About this task: From the line containing "this 1200×1600 image." down to the last line of the records below, copy every line exactly. Leave out everything before it.

Provided material:

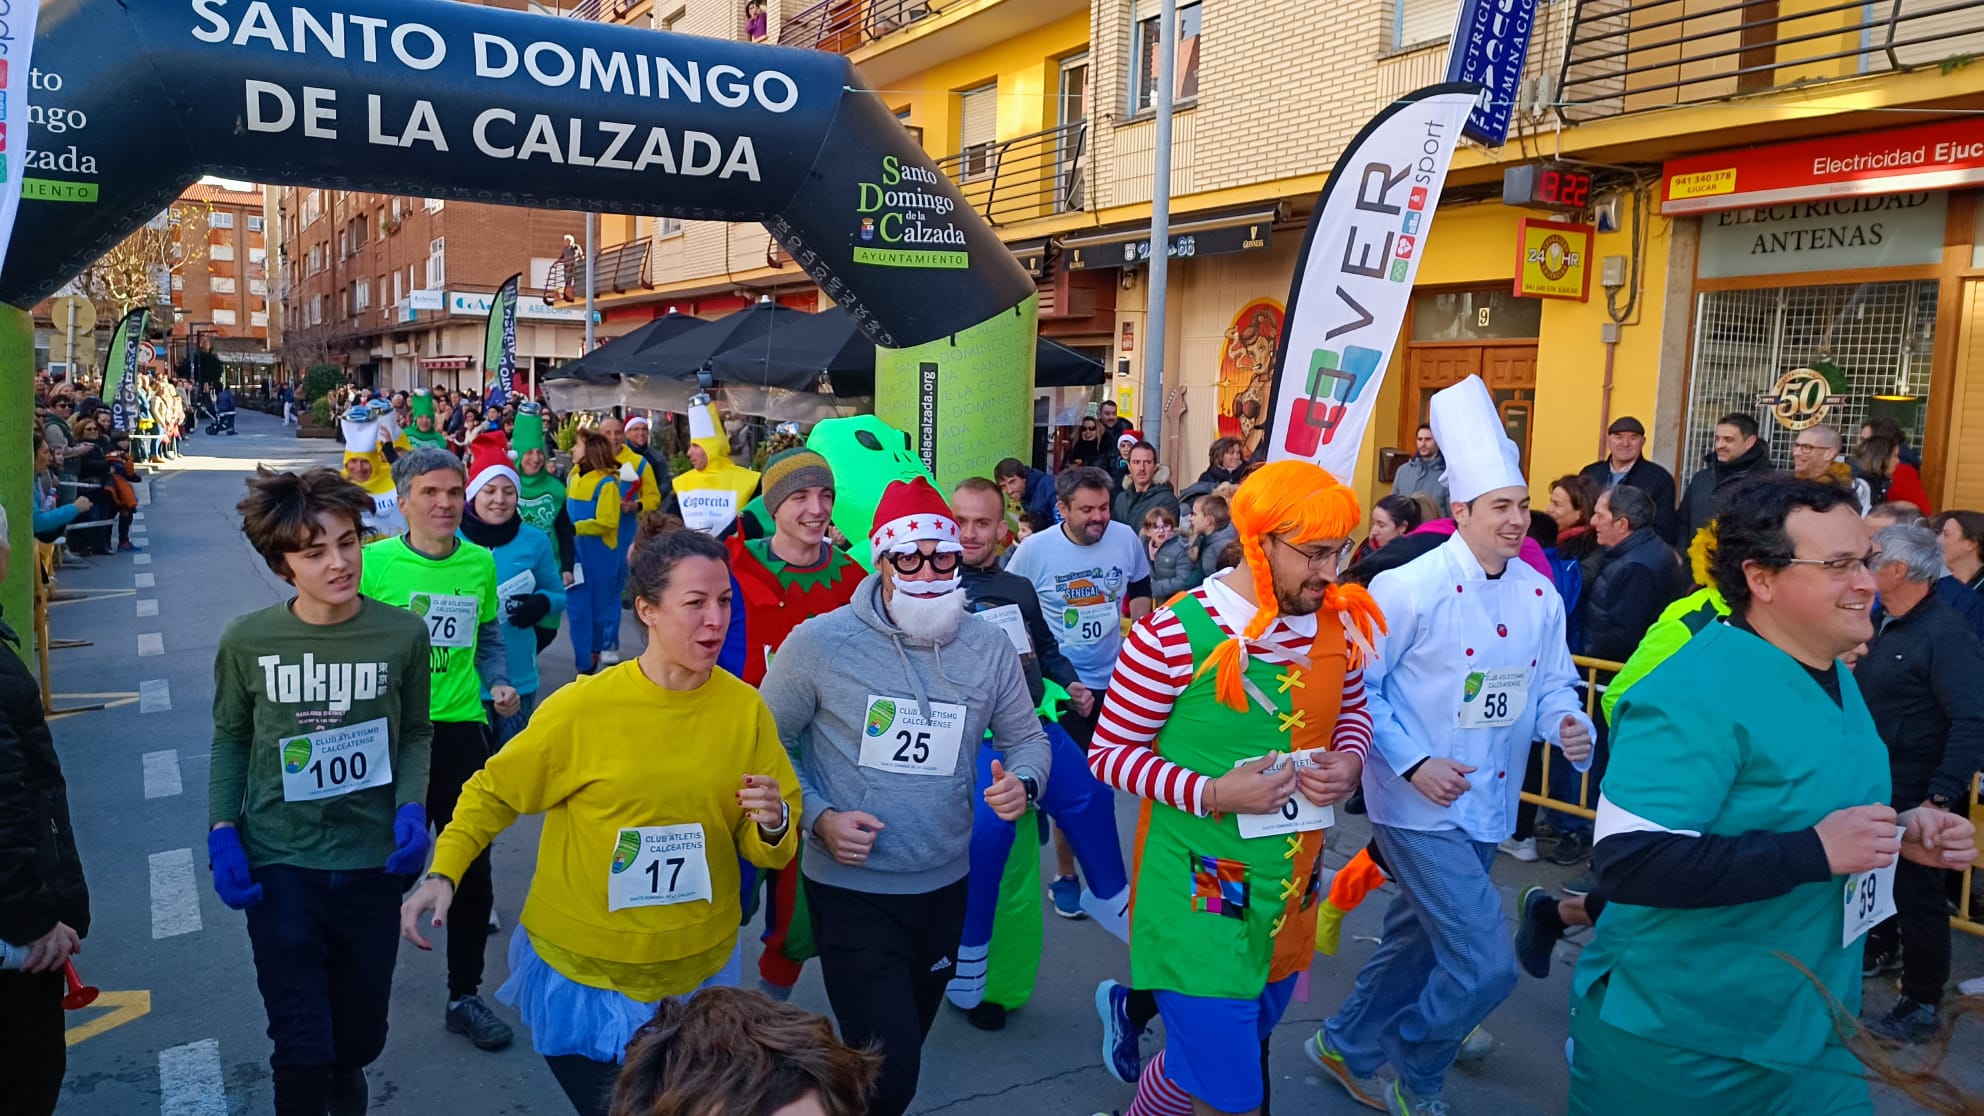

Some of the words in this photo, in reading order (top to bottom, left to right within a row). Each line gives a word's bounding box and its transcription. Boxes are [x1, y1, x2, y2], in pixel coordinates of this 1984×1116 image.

[191, 0, 446, 70] SANTO
[473, 32, 799, 114] DOMINGO
[245, 79, 337, 140] DE
[367, 93, 450, 152] LA
[472, 107, 762, 183] CALZADA
[1415, 119, 1445, 184] sport
[1813, 145, 1926, 176] Electricidad
[882, 155, 937, 185] Santo
[1675, 177, 1692, 186] 941
[1696, 174, 1712, 183] 340
[857, 183, 954, 215] Domingo
[880, 212, 966, 245] Calzada
[906, 210, 917, 221] de
[1751, 223, 1883, 255] ANTENAS
[862, 251, 963, 265] AYUNTAMIENTO
[1528, 248, 1545, 263] 24
[1561, 252, 1580, 268] HR
[1479, 308, 1489, 324] 9
[1776, 379, 1828, 417] 50
[1065, 585, 1099, 599] SENEGAL
[431, 615, 457, 639] 76
[1082, 620, 1102, 639] 50
[258, 652, 378, 712] Tokyo
[900, 707, 918, 716] CLUB
[1484, 692, 1507, 719] 58
[315, 736, 337, 746] CLUB
[338, 726, 380, 743] ATLETISMO
[321, 735, 375, 754] CALCEATENSE
[892, 730, 931, 764] 25
[309, 751, 367, 789] 100
[645, 834, 667, 843] CLUB
[645, 857, 686, 893] 17
[1859, 872, 1877, 919] 59
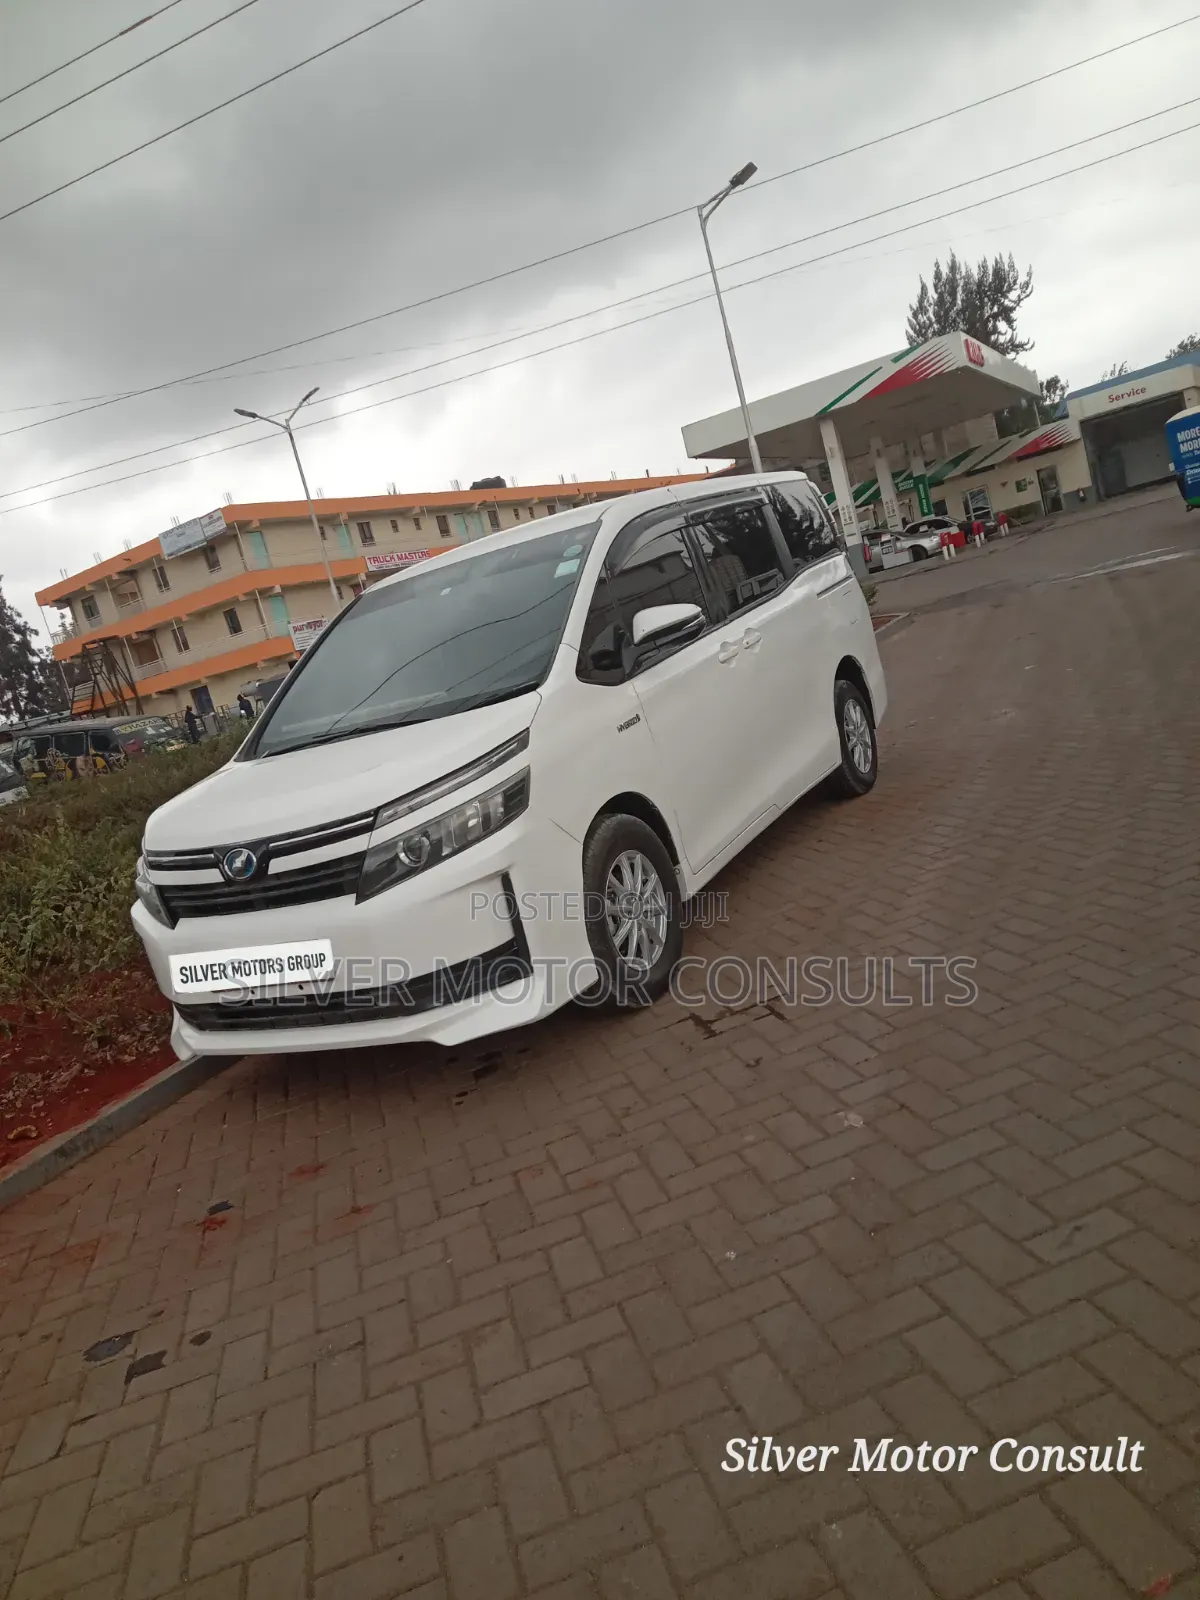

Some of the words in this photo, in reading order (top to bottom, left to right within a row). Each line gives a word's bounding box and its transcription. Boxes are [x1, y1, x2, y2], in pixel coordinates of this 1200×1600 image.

[1108, 387, 1147, 403] Service
[367, 554, 396, 565] TRUCK
[180, 962, 228, 984] SILVER
[231, 957, 284, 979] MOTORS
[287, 952, 326, 971] GROUP

Answer for the task:
Some of the words in this photo, in reading order (top to bottom, left to right within a row). Each line gives a word's bounding box and its transcription. Boxes are [x1, y1, x2, y2], in pixel coordinates of this 1200×1600 image.

[1108, 387, 1147, 403] Service
[367, 554, 396, 565] TRUCK
[180, 962, 228, 984] SILVER
[231, 957, 284, 979] MOTORS
[287, 952, 326, 971] GROUP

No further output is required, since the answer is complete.